UK Names Cressida Dick As London's First Female Police Chief

UK Names Cressida Dick As London's First Female Police Chief

Cressida Dick attends a meeting on gun crime at Downing Street in London on February 22 (Reuters)

London: Britain has appointed experienced counter-terrorism officer Cressida Dick, best known for heading an operation which led to the killing of an innocent Brazilian, as the first woman to head London's police force in its 188-year history.

Ms Dick, 56, becomes the most senior officer in the country, heading a force of some 43,000 officers and staff and controlling a budget of more than 3 billion pounds.

"I am thrilled and humbled. This is a great responsibility and an amazing opportunity," said Dick, who has been working for Britain's Foreign Office after leaving the London force in 2015.

The Oxford University graduate had been the favourite to succeed Bernard Hogan-Howe who steps down as Metropolitan Police Commissioner this month after five years in charge.

Cressida Dick's appointment to the top job at Scotland Yard means that for the first time in its history, Britain's biggest police force will be run by a woman, Xinhua news agency reported.

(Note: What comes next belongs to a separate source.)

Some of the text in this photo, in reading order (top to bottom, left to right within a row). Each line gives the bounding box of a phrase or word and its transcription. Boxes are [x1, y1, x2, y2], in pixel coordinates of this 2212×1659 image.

So important is the role of 'Britain's top cop' that Ms Dick was appointed by Queen Elizabeth II following a recommendation from the Home Secretary.

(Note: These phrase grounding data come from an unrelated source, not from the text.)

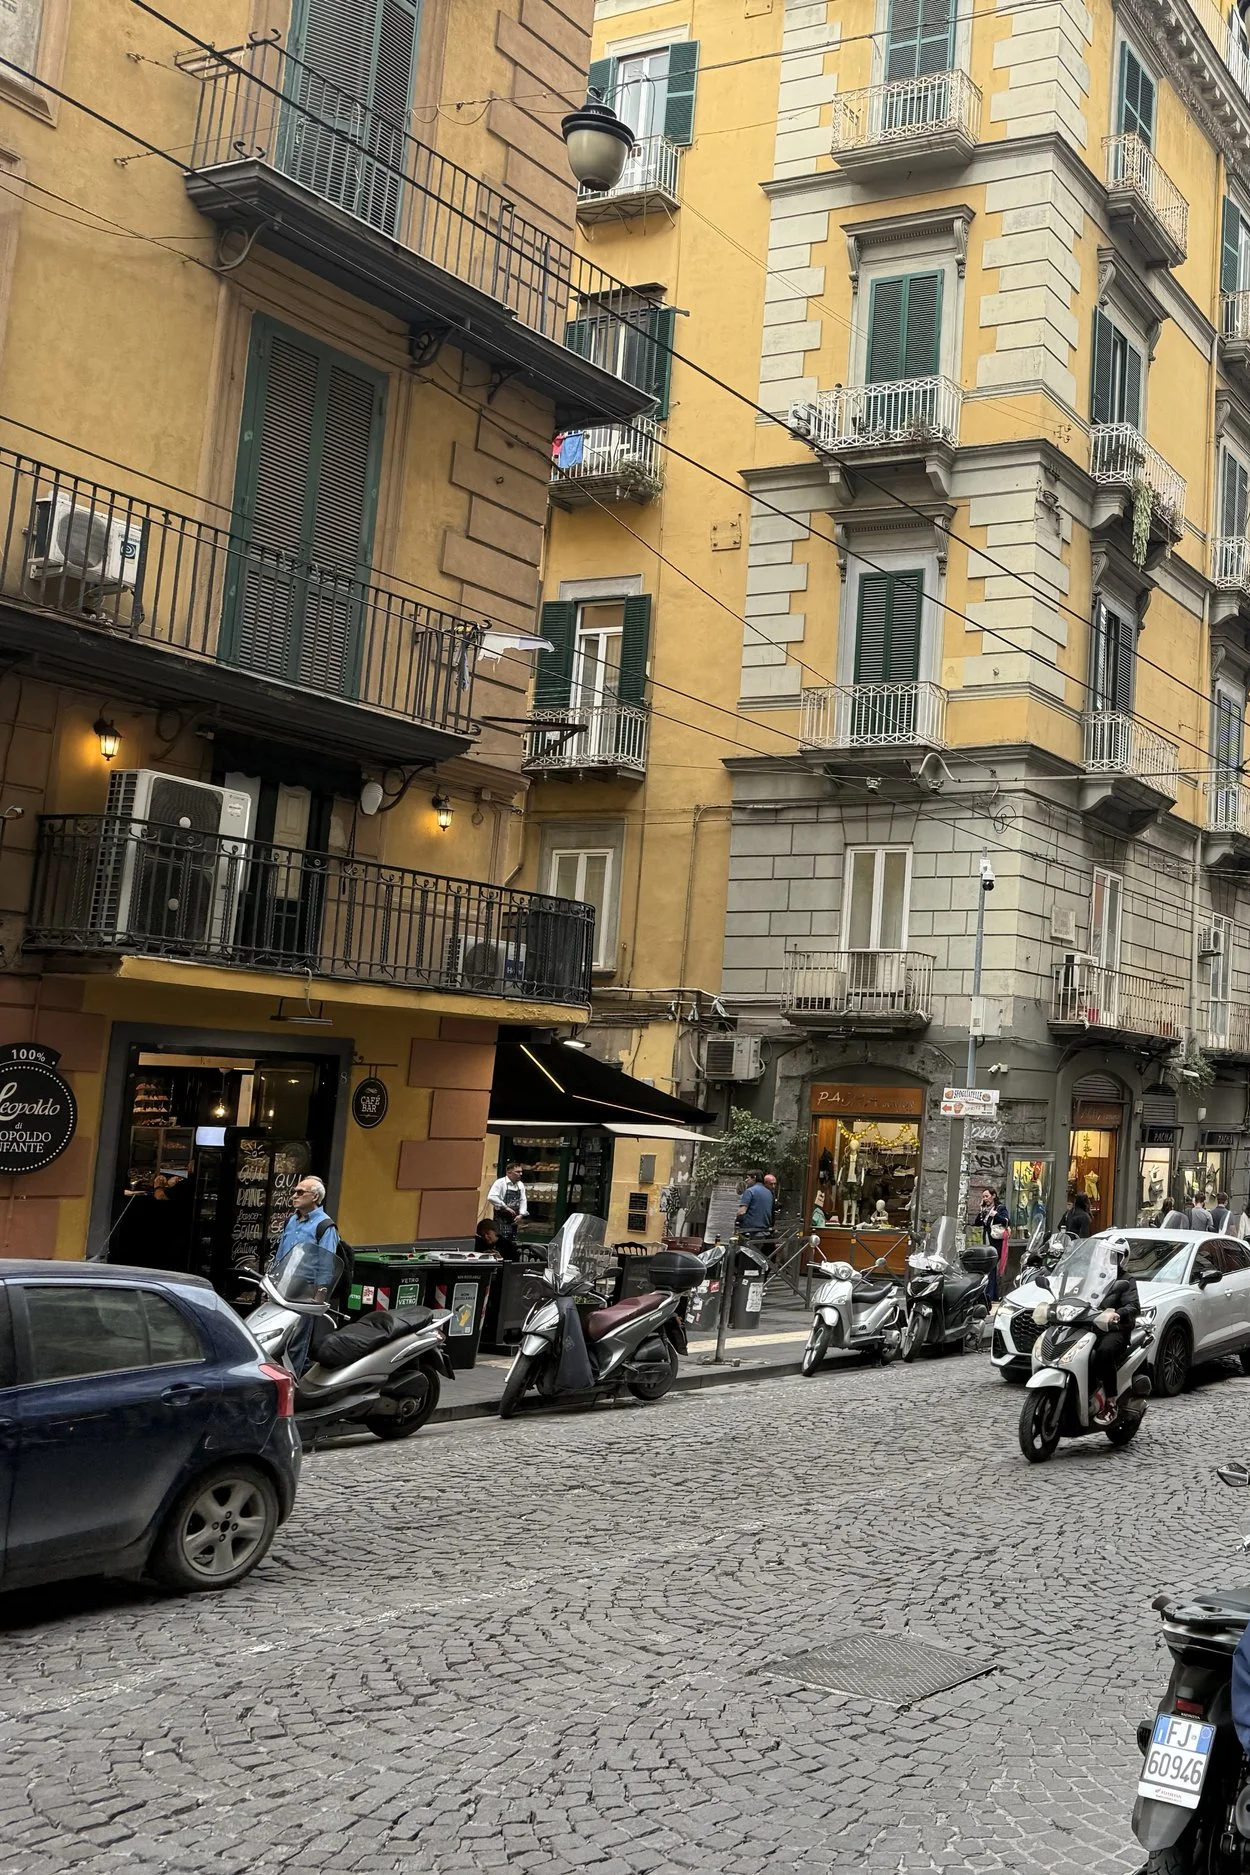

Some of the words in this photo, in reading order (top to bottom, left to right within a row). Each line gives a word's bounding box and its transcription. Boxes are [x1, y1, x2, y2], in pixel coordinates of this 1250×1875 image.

[11, 1049, 46, 1061] 100%
[361, 1095, 381, 1105] CAFÉ
[361, 1104, 377, 1113] BAR
[1166, 1720, 1193, 1748] FJ
[1147, 1750, 1204, 1786] 60946

The Metropolitan Police or Met, as it is commonly known, is the largest police force in Britain, with more than 43,000 employees and an annual budget of over 3 billion pounds ($3.74 billion).

Ms Dick will also have to decide how to police the upcoming state visit of US President Donald Trump which has already generated anger and is likely to be dogged by protests.

Highly respected and popular with ordinary officers, Ms Dick joined the London force, known as Scotland Yard, in 1983 as a constable and made her way up the ranks including a spell back in charge of her hometown of Oxford.

In July 2005, she headed the operation that led to Jean Charles de Menezes, 27, being shot dead by police at Stockwell underground station in south London after the Brazilian electrician was mistaken for a would-be suicide bomber.

Only the day before, four Islamist terrorists had tried unsuccessfully to bomb London's transport network and police wrongly thought he was Hussein Osman, one of the attackers on the run, who lived in the same apartment block as de Menezes.

British security services were already on a high state of alert as two weeks earlier four young British Muslims had killed 52 people and themselves in suicide bombings on three underground trains and a bus.

London Mayor Sadiq Khan said, "Cressida Dick will be the first female commissioner of the Met in its 187-year history, and the most powerful police officer in the land. She has already had a long and distinguished career, and her experience and ability has shone throughout this process."